Every UPS electricity backup has a time limit, and a plan is needed for what happens when that final moment approaches. Financial systems need low-tech contingencies too, as employees still want to get paid during a disaster even if the system is not specifically broadcast-related.
For a media organization, resources such as movie archives or sound libraries might be as valuable as any computer system, while keeping contact with advertisers and reporters and handling public relations might be critical for business survival. A Business Impact Assessment takes into account the value of different assets and activities to the particular organization, and helps to rate priorities on continuity and recovery plans.
Each broadcast facility will come up with its own priorities for broadcast continuity, but one important factor should be kept in mind: a surprising number of businesses never open their doors again after a serious disaster. If that possibility is not part of the organization’s risk acceptance, a Continuity Plan that provides a basic guarantee of survival needs to be put into place.

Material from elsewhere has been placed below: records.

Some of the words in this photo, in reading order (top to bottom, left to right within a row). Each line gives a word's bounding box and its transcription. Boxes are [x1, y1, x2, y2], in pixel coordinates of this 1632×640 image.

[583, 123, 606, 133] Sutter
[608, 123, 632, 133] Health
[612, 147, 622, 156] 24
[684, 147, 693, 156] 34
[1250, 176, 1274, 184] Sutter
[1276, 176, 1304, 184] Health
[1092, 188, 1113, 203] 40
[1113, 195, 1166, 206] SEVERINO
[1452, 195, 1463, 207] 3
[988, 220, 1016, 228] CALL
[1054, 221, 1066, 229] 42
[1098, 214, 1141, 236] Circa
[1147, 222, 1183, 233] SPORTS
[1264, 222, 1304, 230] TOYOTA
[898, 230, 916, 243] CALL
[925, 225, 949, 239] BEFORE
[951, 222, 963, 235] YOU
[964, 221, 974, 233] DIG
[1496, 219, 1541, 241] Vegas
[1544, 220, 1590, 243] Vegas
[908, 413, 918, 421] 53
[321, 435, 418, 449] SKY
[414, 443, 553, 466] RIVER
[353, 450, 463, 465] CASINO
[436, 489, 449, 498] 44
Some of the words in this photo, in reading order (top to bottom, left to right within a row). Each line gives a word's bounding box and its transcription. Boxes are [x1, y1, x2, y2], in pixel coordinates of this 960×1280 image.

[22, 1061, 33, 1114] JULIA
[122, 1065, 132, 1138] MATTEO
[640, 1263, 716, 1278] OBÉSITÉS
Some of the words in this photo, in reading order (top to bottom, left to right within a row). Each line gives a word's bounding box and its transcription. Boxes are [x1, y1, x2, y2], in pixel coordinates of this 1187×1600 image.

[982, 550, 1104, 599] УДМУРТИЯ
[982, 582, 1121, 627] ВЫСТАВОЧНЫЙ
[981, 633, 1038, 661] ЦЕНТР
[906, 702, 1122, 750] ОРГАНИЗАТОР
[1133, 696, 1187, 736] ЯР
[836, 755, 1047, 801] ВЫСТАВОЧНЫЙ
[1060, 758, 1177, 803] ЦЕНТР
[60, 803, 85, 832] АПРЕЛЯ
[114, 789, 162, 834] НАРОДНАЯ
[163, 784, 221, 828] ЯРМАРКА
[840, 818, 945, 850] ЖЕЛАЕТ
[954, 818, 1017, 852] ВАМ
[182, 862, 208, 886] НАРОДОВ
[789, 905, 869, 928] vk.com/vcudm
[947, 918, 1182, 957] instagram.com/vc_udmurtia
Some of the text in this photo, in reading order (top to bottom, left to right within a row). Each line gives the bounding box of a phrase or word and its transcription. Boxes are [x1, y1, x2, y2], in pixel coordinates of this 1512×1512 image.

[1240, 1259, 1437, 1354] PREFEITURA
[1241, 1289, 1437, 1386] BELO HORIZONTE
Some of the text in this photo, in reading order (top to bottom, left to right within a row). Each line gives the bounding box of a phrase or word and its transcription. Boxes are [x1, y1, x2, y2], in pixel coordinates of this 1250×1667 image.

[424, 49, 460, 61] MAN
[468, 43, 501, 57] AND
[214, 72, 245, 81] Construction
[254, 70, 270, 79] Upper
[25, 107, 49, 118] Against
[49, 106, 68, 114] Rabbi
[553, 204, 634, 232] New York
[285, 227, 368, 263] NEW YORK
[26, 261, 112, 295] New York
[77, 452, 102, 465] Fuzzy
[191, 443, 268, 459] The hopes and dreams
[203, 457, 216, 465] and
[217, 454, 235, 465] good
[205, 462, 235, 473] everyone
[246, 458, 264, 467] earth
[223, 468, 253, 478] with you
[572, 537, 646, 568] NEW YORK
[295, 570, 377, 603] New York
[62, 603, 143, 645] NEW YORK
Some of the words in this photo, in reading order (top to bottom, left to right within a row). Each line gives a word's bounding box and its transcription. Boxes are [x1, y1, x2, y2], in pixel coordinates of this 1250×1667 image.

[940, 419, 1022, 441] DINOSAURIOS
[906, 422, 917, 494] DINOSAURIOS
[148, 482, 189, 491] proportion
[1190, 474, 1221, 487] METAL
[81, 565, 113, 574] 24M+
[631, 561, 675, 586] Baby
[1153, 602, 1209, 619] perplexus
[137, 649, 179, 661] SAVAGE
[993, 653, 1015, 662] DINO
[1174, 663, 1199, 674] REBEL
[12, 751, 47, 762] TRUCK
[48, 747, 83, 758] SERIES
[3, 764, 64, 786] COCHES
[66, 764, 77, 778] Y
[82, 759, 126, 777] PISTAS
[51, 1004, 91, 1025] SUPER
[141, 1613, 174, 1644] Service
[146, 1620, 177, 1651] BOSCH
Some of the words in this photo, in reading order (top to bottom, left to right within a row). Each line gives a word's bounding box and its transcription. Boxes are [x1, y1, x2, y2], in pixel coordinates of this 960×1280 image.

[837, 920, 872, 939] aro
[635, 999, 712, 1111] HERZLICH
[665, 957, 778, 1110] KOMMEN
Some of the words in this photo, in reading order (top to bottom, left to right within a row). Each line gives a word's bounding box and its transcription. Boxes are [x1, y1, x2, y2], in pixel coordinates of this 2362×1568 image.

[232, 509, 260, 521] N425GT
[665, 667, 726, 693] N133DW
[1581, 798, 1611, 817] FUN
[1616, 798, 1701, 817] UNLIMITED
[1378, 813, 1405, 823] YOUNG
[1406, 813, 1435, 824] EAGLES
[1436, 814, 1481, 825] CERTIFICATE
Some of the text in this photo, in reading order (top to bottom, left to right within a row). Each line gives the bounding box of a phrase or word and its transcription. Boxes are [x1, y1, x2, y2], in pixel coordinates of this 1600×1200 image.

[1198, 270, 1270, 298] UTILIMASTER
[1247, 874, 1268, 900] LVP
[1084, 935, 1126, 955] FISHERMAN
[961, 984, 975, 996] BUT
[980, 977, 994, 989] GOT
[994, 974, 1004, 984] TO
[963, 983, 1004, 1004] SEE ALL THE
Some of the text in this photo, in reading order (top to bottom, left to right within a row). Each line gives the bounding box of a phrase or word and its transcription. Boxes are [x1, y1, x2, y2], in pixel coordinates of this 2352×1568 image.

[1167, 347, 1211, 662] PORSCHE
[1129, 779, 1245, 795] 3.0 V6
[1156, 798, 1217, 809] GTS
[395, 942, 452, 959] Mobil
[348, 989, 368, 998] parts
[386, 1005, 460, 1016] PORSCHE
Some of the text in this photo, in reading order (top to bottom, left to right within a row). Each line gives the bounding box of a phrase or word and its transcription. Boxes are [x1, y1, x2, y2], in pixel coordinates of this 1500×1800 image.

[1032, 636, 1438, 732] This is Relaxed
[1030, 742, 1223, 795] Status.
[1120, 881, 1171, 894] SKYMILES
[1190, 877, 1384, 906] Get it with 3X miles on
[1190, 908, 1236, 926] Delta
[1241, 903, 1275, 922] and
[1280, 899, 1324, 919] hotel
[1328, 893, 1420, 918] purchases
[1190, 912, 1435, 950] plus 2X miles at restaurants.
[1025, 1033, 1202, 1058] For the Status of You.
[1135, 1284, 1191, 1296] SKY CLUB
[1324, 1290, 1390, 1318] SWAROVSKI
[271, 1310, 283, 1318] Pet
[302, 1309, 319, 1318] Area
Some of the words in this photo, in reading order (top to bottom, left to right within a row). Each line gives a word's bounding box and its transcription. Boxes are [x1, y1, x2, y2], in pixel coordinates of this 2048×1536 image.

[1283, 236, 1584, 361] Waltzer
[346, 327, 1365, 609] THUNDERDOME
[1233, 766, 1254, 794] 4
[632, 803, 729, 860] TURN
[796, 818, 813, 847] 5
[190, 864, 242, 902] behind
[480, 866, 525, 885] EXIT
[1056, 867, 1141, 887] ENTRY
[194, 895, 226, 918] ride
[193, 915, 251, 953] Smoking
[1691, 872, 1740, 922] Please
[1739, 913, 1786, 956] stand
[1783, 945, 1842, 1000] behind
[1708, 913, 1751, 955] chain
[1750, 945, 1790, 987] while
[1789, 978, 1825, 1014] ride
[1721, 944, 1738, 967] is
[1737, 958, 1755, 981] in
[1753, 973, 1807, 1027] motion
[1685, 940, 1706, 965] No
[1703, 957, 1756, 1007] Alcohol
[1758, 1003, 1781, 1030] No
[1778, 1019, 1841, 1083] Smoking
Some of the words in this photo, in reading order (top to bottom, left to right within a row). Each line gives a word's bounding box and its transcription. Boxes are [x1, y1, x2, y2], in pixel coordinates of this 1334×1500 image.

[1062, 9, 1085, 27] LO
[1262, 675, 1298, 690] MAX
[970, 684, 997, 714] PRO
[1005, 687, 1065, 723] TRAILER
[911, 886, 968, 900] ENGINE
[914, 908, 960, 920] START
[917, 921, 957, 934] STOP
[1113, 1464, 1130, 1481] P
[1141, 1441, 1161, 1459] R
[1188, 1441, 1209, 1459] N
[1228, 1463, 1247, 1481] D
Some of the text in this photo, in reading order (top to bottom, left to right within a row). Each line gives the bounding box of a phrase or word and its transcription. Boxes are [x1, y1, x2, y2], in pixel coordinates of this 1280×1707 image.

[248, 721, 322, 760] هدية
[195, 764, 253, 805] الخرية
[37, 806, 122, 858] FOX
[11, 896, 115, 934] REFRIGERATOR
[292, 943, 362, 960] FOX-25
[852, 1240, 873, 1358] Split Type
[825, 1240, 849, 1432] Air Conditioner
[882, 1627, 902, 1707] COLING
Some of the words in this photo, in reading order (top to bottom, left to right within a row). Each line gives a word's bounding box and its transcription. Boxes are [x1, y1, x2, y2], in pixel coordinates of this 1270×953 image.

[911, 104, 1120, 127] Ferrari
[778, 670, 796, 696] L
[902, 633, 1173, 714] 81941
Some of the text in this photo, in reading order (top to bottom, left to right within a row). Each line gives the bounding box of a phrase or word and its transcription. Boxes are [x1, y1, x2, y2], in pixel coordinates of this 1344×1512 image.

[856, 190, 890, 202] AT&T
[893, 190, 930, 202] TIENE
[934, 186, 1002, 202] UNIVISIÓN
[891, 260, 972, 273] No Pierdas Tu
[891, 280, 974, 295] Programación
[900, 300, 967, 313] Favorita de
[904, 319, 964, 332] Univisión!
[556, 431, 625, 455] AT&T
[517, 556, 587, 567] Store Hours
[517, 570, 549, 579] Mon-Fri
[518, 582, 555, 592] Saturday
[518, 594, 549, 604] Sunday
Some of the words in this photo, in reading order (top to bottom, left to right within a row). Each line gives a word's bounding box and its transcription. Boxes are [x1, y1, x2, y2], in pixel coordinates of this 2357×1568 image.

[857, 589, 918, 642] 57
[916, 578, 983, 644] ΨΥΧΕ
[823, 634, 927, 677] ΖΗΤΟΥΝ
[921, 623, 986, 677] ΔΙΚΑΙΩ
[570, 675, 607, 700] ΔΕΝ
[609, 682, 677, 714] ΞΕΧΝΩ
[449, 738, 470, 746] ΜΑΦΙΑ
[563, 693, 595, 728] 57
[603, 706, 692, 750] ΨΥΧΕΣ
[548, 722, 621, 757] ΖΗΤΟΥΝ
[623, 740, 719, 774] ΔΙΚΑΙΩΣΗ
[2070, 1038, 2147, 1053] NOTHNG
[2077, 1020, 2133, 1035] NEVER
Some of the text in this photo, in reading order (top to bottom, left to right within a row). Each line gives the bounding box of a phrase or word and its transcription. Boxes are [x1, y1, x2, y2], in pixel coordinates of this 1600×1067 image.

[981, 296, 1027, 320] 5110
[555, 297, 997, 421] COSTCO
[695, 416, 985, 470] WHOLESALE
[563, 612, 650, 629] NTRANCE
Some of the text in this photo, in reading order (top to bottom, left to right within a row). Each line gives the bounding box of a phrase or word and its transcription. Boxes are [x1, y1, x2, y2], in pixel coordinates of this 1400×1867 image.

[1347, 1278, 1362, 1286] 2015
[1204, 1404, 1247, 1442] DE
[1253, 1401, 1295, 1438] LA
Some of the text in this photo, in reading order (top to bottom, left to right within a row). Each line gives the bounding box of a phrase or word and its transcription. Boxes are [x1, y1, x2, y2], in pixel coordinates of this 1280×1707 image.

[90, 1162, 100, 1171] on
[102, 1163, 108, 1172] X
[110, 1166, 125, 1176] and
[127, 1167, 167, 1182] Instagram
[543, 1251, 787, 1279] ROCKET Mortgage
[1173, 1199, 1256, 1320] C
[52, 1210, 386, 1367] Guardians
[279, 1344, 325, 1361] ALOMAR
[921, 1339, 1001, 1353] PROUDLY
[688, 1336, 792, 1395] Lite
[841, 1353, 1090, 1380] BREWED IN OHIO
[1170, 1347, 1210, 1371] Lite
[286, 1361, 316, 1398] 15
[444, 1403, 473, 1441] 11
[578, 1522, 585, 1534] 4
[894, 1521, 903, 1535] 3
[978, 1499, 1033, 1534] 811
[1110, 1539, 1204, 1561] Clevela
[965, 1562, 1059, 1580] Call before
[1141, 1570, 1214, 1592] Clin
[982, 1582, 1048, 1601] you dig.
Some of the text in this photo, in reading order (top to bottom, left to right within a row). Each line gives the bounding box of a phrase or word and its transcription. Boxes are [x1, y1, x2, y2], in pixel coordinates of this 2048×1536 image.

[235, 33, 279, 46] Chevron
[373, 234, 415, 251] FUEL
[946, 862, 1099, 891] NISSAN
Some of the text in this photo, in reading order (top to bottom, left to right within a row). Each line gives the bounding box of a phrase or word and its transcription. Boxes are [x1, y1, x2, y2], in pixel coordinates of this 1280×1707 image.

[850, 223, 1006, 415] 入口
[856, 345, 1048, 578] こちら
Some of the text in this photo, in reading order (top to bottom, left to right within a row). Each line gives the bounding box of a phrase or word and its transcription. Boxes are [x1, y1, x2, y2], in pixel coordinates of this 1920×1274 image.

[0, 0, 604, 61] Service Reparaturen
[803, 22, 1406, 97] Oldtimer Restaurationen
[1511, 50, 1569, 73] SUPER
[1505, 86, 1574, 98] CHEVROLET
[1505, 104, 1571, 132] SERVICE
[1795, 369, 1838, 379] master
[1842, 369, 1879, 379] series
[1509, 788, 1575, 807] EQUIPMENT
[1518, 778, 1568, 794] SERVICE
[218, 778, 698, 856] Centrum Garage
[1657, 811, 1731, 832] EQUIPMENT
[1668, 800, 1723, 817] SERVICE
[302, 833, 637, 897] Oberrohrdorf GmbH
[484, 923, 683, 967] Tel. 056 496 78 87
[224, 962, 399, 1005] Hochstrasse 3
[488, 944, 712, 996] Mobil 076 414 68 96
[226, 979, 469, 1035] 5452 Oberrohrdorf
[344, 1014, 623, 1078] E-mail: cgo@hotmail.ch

As a final note, international flavors can be important in planning for some global broadcast organizations. Working around differences in holidays, work hours and habits, approaches towards solutions, language issues and time zones can be both frustrating and entertaining. While younger people across the globe more and more adopt similar habits and speak more English, it is doubtful that Spain will abandon the afternoon siesta anytime soon, as just one tiny example.